*GOAL OF THE EXERCISE:* All records need to be reproduced exactly. Keep every word as it is.

[Collected data]
BEGIN
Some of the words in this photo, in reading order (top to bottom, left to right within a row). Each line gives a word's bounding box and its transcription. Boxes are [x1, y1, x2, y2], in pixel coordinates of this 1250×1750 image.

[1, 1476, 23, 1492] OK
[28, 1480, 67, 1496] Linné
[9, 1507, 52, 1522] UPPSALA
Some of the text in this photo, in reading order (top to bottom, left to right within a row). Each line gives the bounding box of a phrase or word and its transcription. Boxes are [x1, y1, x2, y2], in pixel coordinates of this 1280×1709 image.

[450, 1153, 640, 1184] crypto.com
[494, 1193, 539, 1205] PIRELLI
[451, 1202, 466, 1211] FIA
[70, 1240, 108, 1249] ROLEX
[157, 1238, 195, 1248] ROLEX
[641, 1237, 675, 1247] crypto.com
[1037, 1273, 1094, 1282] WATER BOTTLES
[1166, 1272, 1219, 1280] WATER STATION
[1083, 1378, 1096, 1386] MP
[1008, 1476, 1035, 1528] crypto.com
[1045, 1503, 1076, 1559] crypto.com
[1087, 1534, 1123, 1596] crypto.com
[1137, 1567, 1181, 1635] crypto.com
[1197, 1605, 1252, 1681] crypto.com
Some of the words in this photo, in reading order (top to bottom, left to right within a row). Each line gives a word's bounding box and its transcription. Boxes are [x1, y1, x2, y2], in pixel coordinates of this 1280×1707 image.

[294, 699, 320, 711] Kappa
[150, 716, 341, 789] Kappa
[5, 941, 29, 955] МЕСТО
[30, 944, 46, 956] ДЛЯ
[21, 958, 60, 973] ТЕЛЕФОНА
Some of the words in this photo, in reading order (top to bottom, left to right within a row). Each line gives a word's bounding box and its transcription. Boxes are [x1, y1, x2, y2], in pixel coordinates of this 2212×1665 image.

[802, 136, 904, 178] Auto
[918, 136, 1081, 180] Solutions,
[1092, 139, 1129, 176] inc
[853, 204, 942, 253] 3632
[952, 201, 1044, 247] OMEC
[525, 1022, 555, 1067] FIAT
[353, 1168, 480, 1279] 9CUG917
END
*TASK RESULT:*
Some of the words in this photo, in reading order (top to bottom, left to right within a row). Each line gives a word's bounding box and its transcription. Boxes are [x1, y1, x2, y2], in pixel coordinates of this 1250×1750 image.

[1, 1476, 23, 1492] OK
[28, 1480, 67, 1496] Linné
[9, 1507, 52, 1522] UPPSALA
Some of the text in this photo, in reading order (top to bottom, left to right within a row). Each line gives the bounding box of a phrase or word and its transcription. Boxes are [x1, y1, x2, y2], in pixel coordinates of this 1280×1709 image.

[450, 1153, 640, 1184] crypto.com
[494, 1193, 539, 1205] PIRELLI
[451, 1202, 466, 1211] FIA
[70, 1240, 108, 1249] ROLEX
[157, 1238, 195, 1248] ROLEX
[641, 1237, 675, 1247] crypto.com
[1037, 1273, 1094, 1282] WATER BOTTLES
[1166, 1272, 1219, 1280] WATER STATION
[1083, 1378, 1096, 1386] MP
[1008, 1476, 1035, 1528] crypto.com
[1045, 1503, 1076, 1559] crypto.com
[1087, 1534, 1123, 1596] crypto.com
[1137, 1567, 1181, 1635] crypto.com
[1197, 1605, 1252, 1681] crypto.com
Some of the words in this photo, in reading order (top to bottom, left to right within a row). Each line gives a word's bounding box and its transcription. Boxes are [x1, y1, x2, y2], in pixel coordinates of this 1280×1707 image.

[294, 699, 320, 711] Kappa
[150, 716, 341, 789] Kappa
[5, 941, 29, 955] МЕСТО
[30, 944, 46, 956] ДЛЯ
[21, 958, 60, 973] ТЕЛЕФОНА
Some of the words in this photo, in reading order (top to bottom, left to right within a row). Each line gives a word's bounding box and its transcription. Boxes are [x1, y1, x2, y2], in pixel coordinates of this 2212×1665 image.

[802, 136, 904, 178] Auto
[918, 136, 1081, 180] Solutions,
[1092, 139, 1129, 176] inc
[853, 204, 942, 253] 3632
[952, 201, 1044, 247] OMEC
[525, 1022, 555, 1067] FIAT
[353, 1168, 480, 1279] 9CUG917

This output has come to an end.